Ontario has put an R rating on Manhunt, denying its lease or sale to anyone
under 18, and the game is banned outright in New Zealand. But anywhere else, any
kid old enough to use a game controller can plug in and start murdering. Even in
Ontario, there's little to stop an underaged player from using Manhunt once the
game is in the house. And that's assuming 100-per-cent compliance by video shops
in enforcing the R rating at point of purchase.
In the United States, whose culture sometimes seem to rank freedom of individual
choice and expression above abstract concepts such as communal good, steps by
some state and municipal governments to limit the sale of these ultra-violent
games are consistently thwarted in the courts by game manufacturers.
Despite these setbacks, a consensus is emerging among educators and neurologists
that enshrining the rights of game makers without considering the consequences
to children makes as much sense as protecting the rights of street-drug vendors
to ply their trade.
Scientists deriving the new video-game brain data seem to speak equally as
parents and as researchers. Interestingly, it's not just brutal games such as
Manhunt, Max Payne or Grand Theft Auto that concern them.
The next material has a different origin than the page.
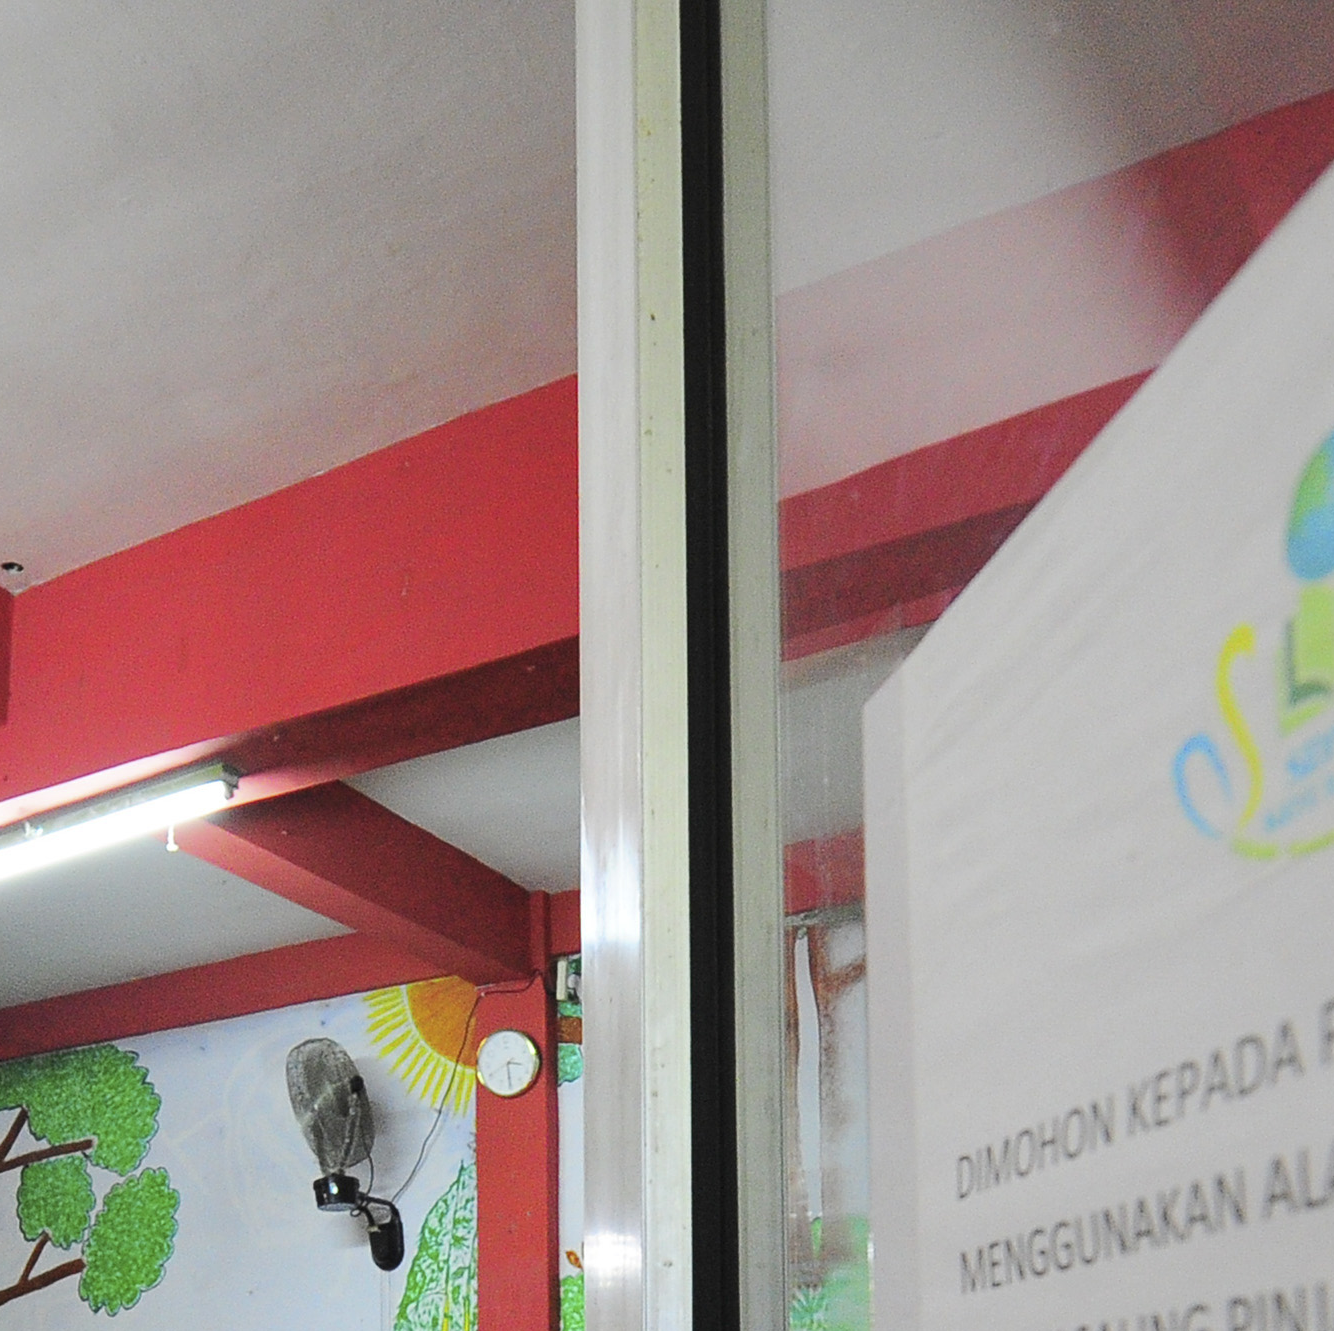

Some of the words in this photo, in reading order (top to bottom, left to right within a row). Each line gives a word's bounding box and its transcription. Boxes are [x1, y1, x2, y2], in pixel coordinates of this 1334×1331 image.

[956, 1096, 1116, 1201] DIMOHON
[1125, 1021, 1304, 1136] KEPADA
[960, 1170, 1248, 1296] MENGGUNAKAN
Michael Rich, director of the Center on Media and Child Health at Boston
Children's Hospital, thinks that even non-violent games may teach kids dangerous
responses. Dr. Rich has seen his son play snowboarding games whose
player-characters hit rock walls, shake themselves off and keep going. He
wonders if that encourages his son to snowboard less safely on real slopes.
The neurological news isn't all bad. For example, action-packed video games make
useful probes into abnormal brains.
Boys with disruptive brain disorder display a range of antisocial actions, from
persistent rule breaking to animal torture and pyromania. MRI brain scans of DBD
youths, taken as they play video games, show the physiological roots of their
antisocial actions. The troubled adolescents display reduced brain activity in
frontal-lobe areas that control behaviour, focus attention and govern other
functions critical to social interaction. Video-game neurology thus gives
science a window into the workings of a young offender's mind.
As well, video-game neurology has shed light on the normal brain. The technique
is being used to explore a subtle social function: human altruism. What makes
most of us trust, befriend and help one another? Why is violence, even toward
strangers, the exception rather than the rule? What motivates a Good Samaritan?
Scientists at the Emory University Medical School recently took MRI brain scans
of 17 volunteers playing a video version of The Prisoner's Dilemma, a game that
gives players top rewards for betraying a colleague who trusts them. Players
receive a lesser award if they remain true to each other, and no reward at all
if they trust and are betrayed. Yet, despite the known benefits of leaving
someone else holding the bag, the most common outcome in The Prisoner's Dilemma
is mutual trust and co-operation.
Why? The Emory scientists' magnetic-resonance images point the way to an answer.
They show increased activity in the game-players' nucleus accumbens,
ventromedial frontal cortex, orbitofrontal cortex, caudate nucleus and rostral
anterior cingulate cortex. All these areas assess various action options, and
choose those that maximize reward. Some of these rewards are material, but some
are not. Social co-operation, the Emory scientists concluded, intrinsically
pleases us. It switches on a "reward circuit" that is hardwired into the human
brain.
Next, the scientists want to use video-game neurology to discover the cerebral
mechanisms of drug addition and other antisocial behaviours. They think that the
behaviours may stem from improper regulation of impulses, or a flawed assessment
of social reward.
The implications are clear. First, the normal brain's natural state may be not
conflict but co-operation. Second, most sociopathy may be the product of a
malfunctioning brain. And third, perhaps it's time for society to curtail
whatever games change functioning brains into malfunctioning ones.
William Illsey Atkinson is a North Vancouver science writer.